### [Task prompt]
Every record below is to be restated verbatim, though its images are not.
= = = = = = =
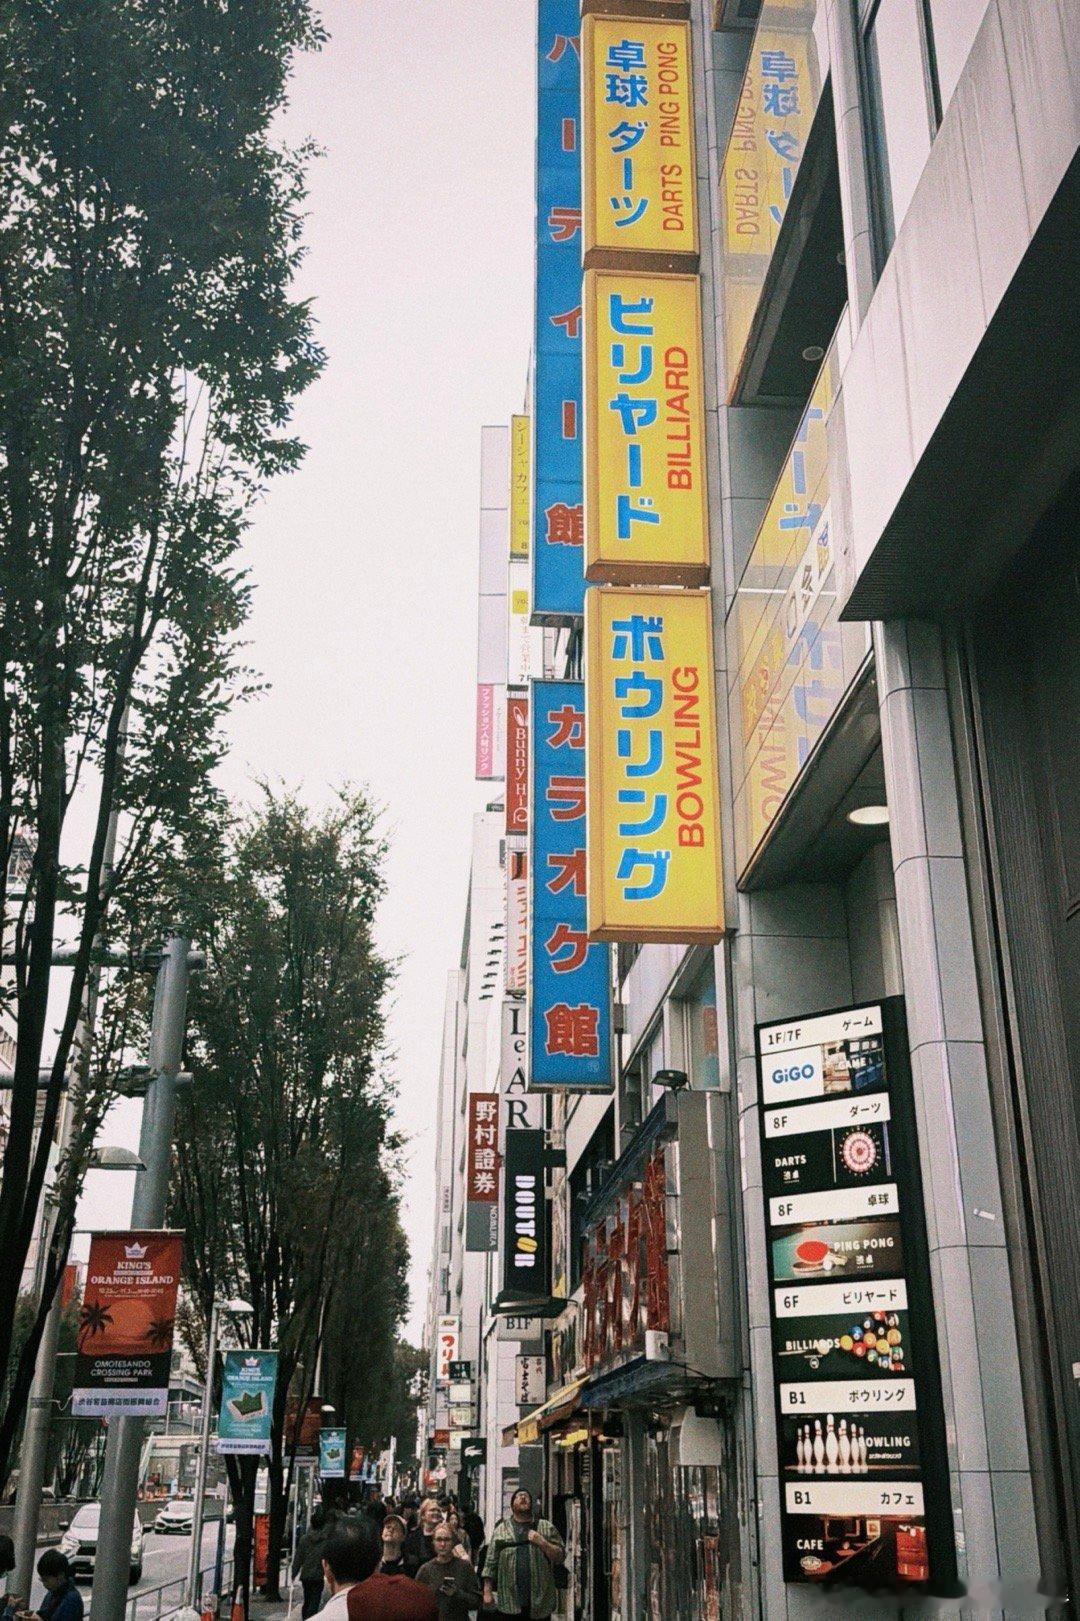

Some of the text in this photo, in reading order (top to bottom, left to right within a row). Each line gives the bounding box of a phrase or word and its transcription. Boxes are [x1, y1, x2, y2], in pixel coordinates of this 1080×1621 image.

[657, 42, 685, 232] DARTS PING PONG
[609, 294, 660, 540] ビリヤード
[664, 346, 692, 490] BILLIARD
[610, 614, 671, 901] ボウリング
[672, 666, 705, 848] BOWLING
[544, 705, 600, 1057] カラオケ館
[767, 1029, 802, 1045] 1F/7F
[772, 1064, 815, 1084] GiGO
[773, 1102, 882, 1130] 8F ダーツ
[474, 1101, 497, 1194] 野村證券
[774, 1154, 807, 1168] DARTS
[778, 1192, 890, 1217] 8F 卓球
[514, 1175, 538, 1267] DOUTOR
[833, 1237, 894, 1254] PING PONG
[91, 1275, 174, 1285] ORANGE ISLAND
[783, 1288, 898, 1308] 6F ビリヤード
[90, 1368, 153, 1377] CROSSING PARK
[789, 1388, 905, 1405] B1 ボウリング
[794, 1491, 915, 1506] B1 カフェ
[797, 1539, 824, 1550] CAFE
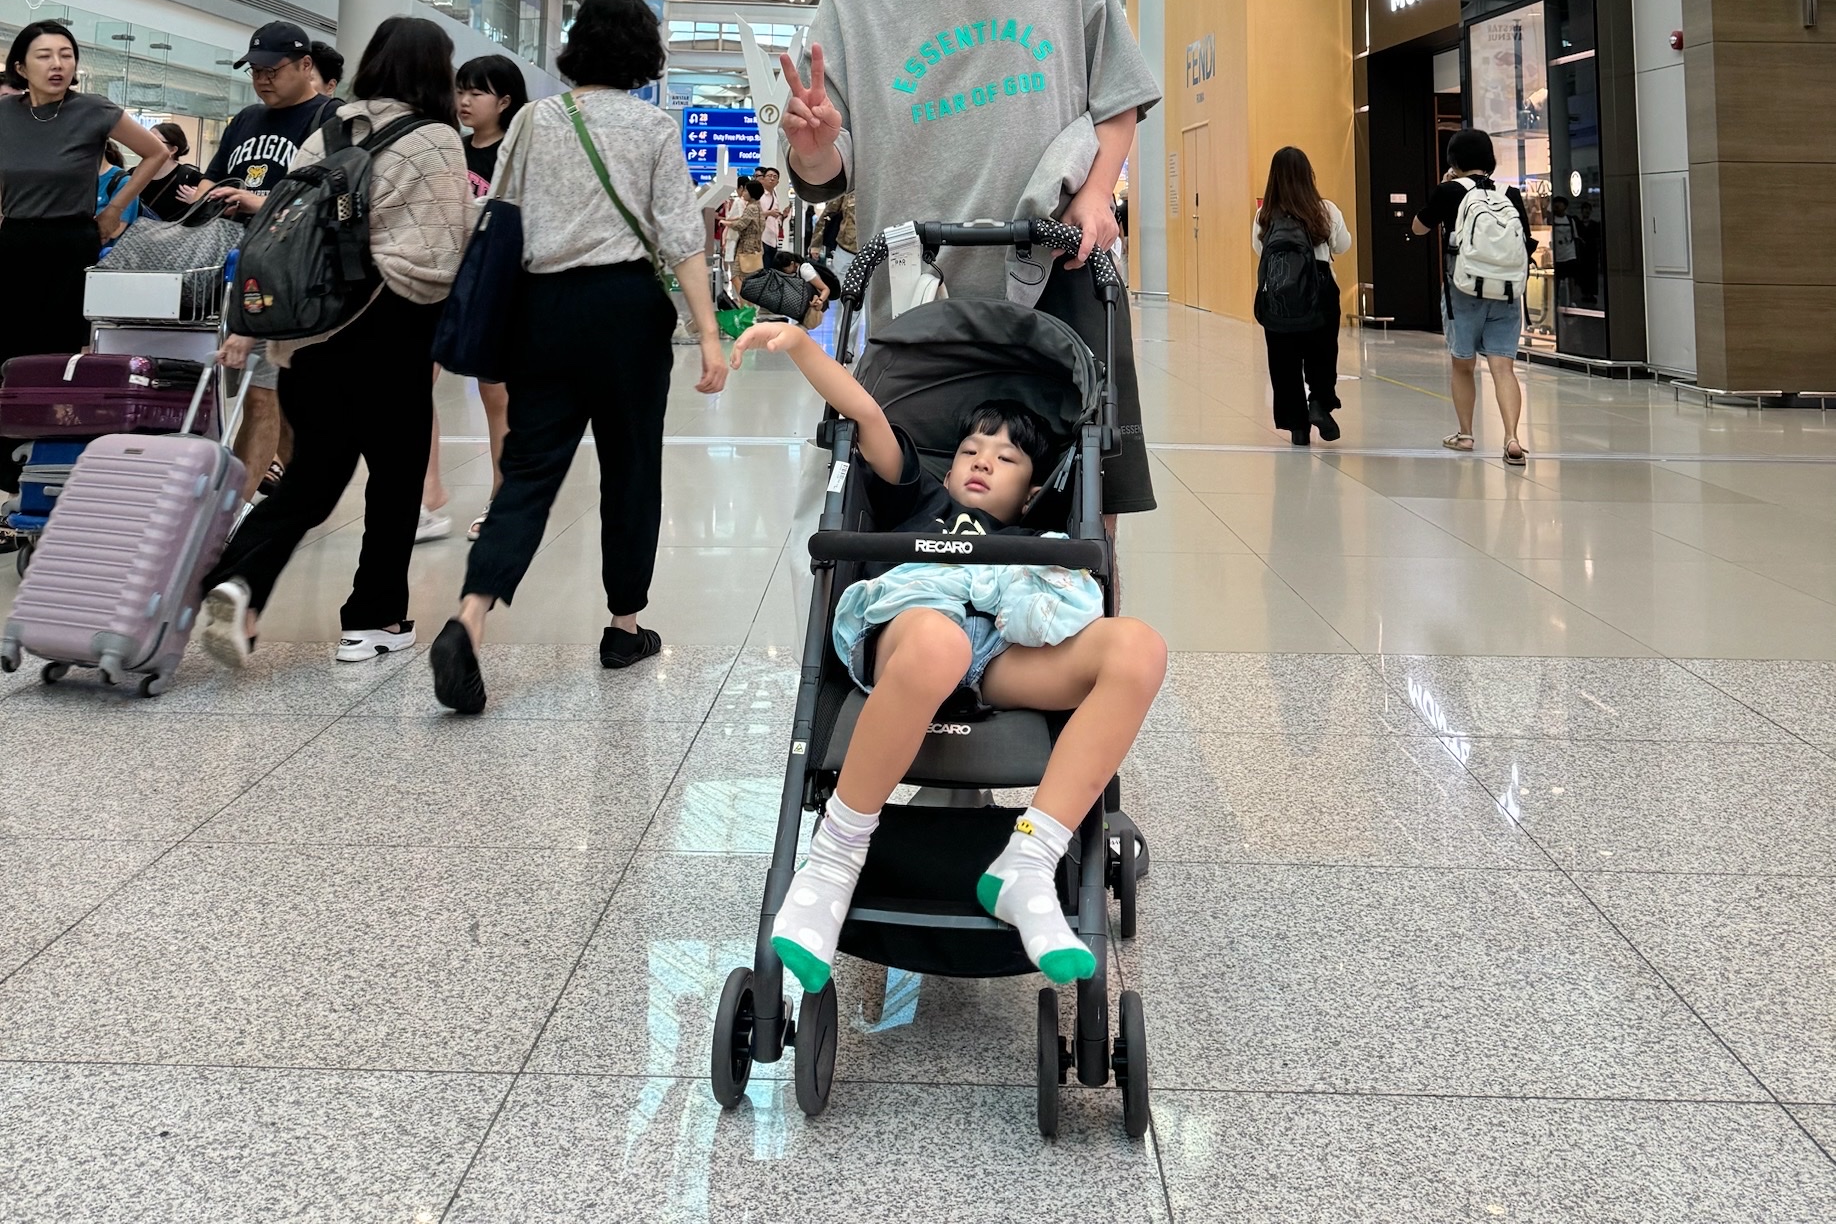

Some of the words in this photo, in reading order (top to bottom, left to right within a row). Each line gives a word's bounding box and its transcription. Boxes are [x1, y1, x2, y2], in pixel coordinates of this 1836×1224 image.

[892, 18, 1054, 95] ESSENTIALS
[1186, 31, 1216, 89] FENDI
[911, 92, 967, 124] FEAR
[971, 82, 998, 106] OF
[1003, 71, 1046, 96] GOD
[915, 538, 973, 555] RECARO
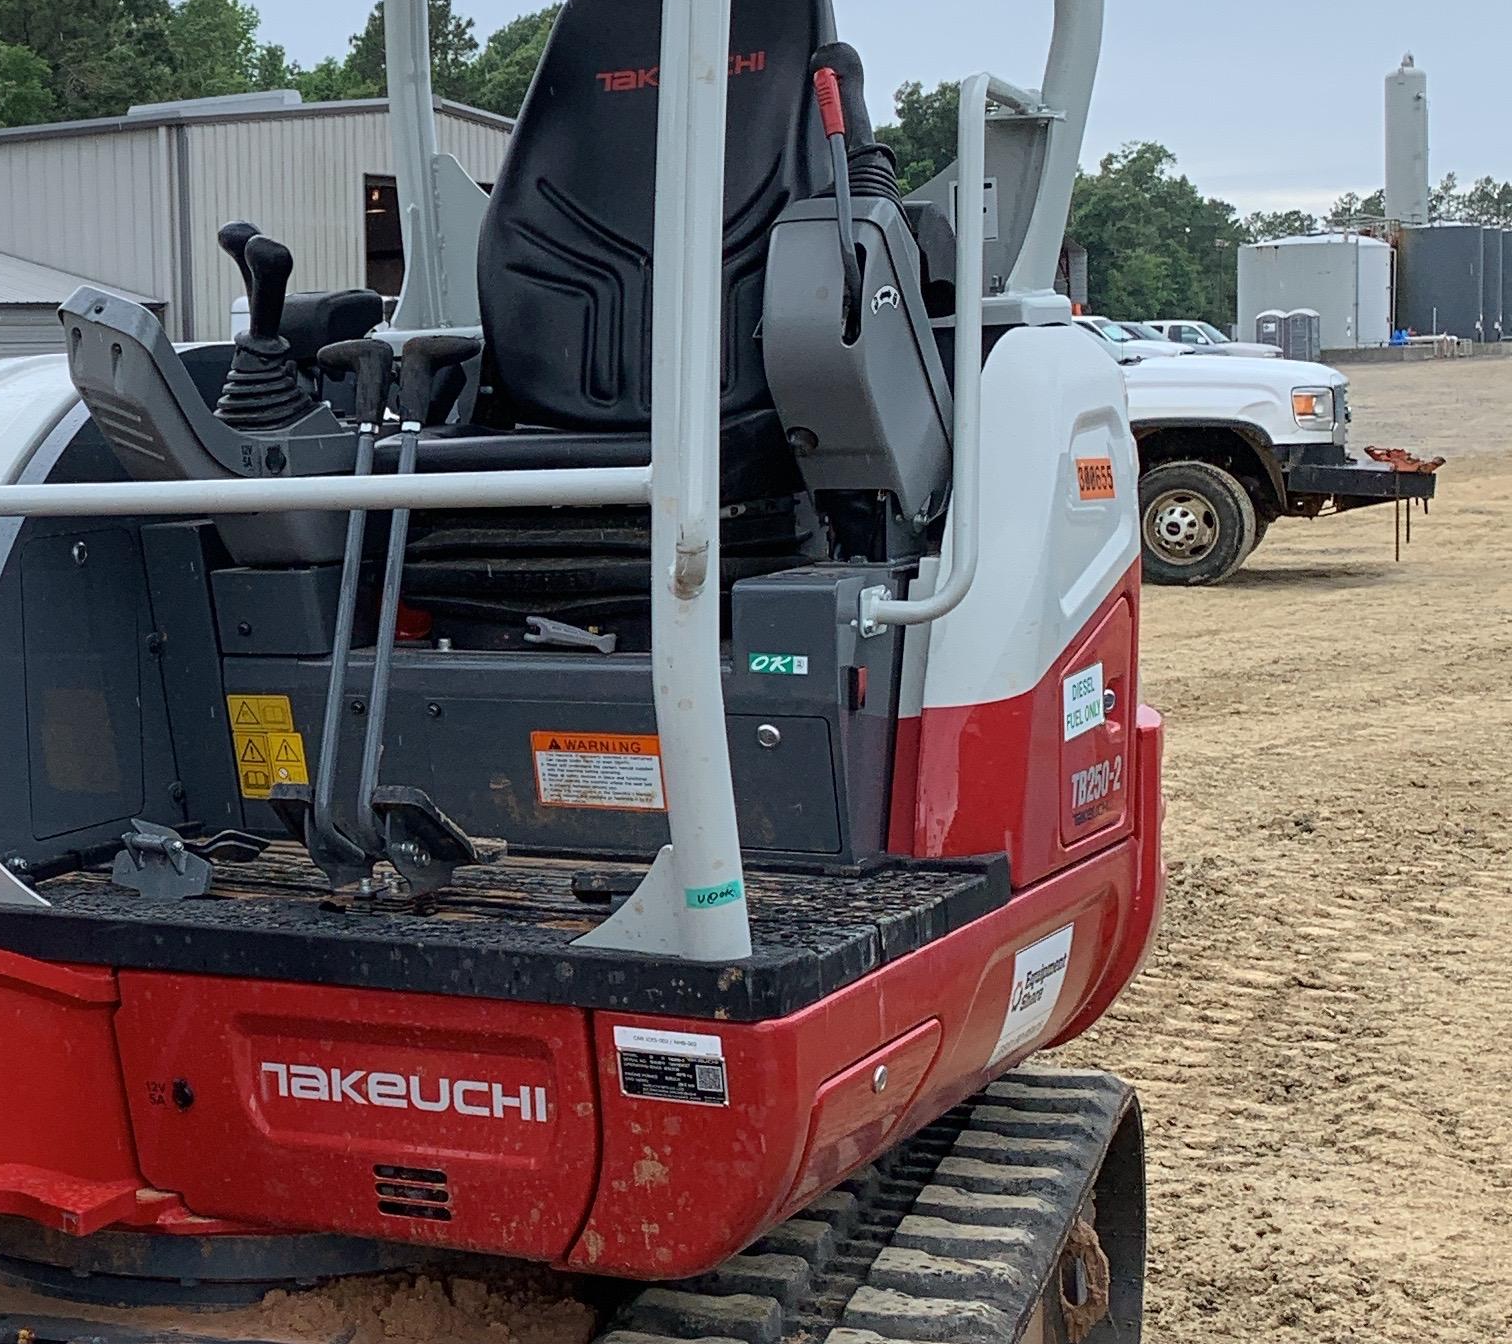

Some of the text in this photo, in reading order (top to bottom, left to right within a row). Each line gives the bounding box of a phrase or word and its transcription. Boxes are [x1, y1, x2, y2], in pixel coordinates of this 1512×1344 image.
= = = = = = =
### [Written reply]
Some of the text in this photo, in reading order (top to bottom, left to right within a row). Each line gives the bounding box of a phrase or word and its transcription. Boxes are [x1, y1, x2, y2], in pixel coordinates of this 1080×1621 image.

[657, 42, 685, 232] DARTS PING PONG
[609, 294, 660, 540] ビリヤード
[664, 346, 692, 490] BILLIARD
[610, 614, 671, 901] ボウリング
[672, 666, 705, 848] BOWLING
[544, 705, 600, 1057] カラオケ館
[767, 1029, 802, 1045] 1F/7F
[772, 1064, 815, 1084] GiGO
[773, 1102, 882, 1130] 8F ダーツ
[474, 1101, 497, 1194] 野村證券
[774, 1154, 807, 1168] DARTS
[778, 1192, 890, 1217] 8F 卓球
[514, 1175, 538, 1267] DOUTOR
[833, 1237, 894, 1254] PING PONG
[91, 1275, 174, 1285] ORANGE ISLAND
[783, 1288, 898, 1308] 6F ビリヤード
[90, 1368, 153, 1377] CROSSING PARK
[789, 1388, 905, 1405] B1 ボウリング
[794, 1491, 915, 1506] B1 カフェ
[797, 1539, 824, 1550] CAFE

Some of the words in this photo, in reading order (top to bottom, left to right within a row). Each line gives a word's bounding box and its transcription. Boxes are [x1, y1, x2, y2], in pixel coordinates of this 1836×1224 image.

[892, 18, 1054, 95] ESSENTIALS
[1186, 31, 1216, 89] FENDI
[911, 92, 967, 124] FEAR
[971, 82, 998, 106] OF
[1003, 71, 1046, 96] GOD
[915, 538, 973, 555] RECARO

Some of the text in this photo, in reading order (top to bottom, left to right within a row). Each line gives the bounding box of a phrase or word and its transcription. Boxes are [x1, y1, x2, y2], in pixel coordinates of this 1512×1344 image.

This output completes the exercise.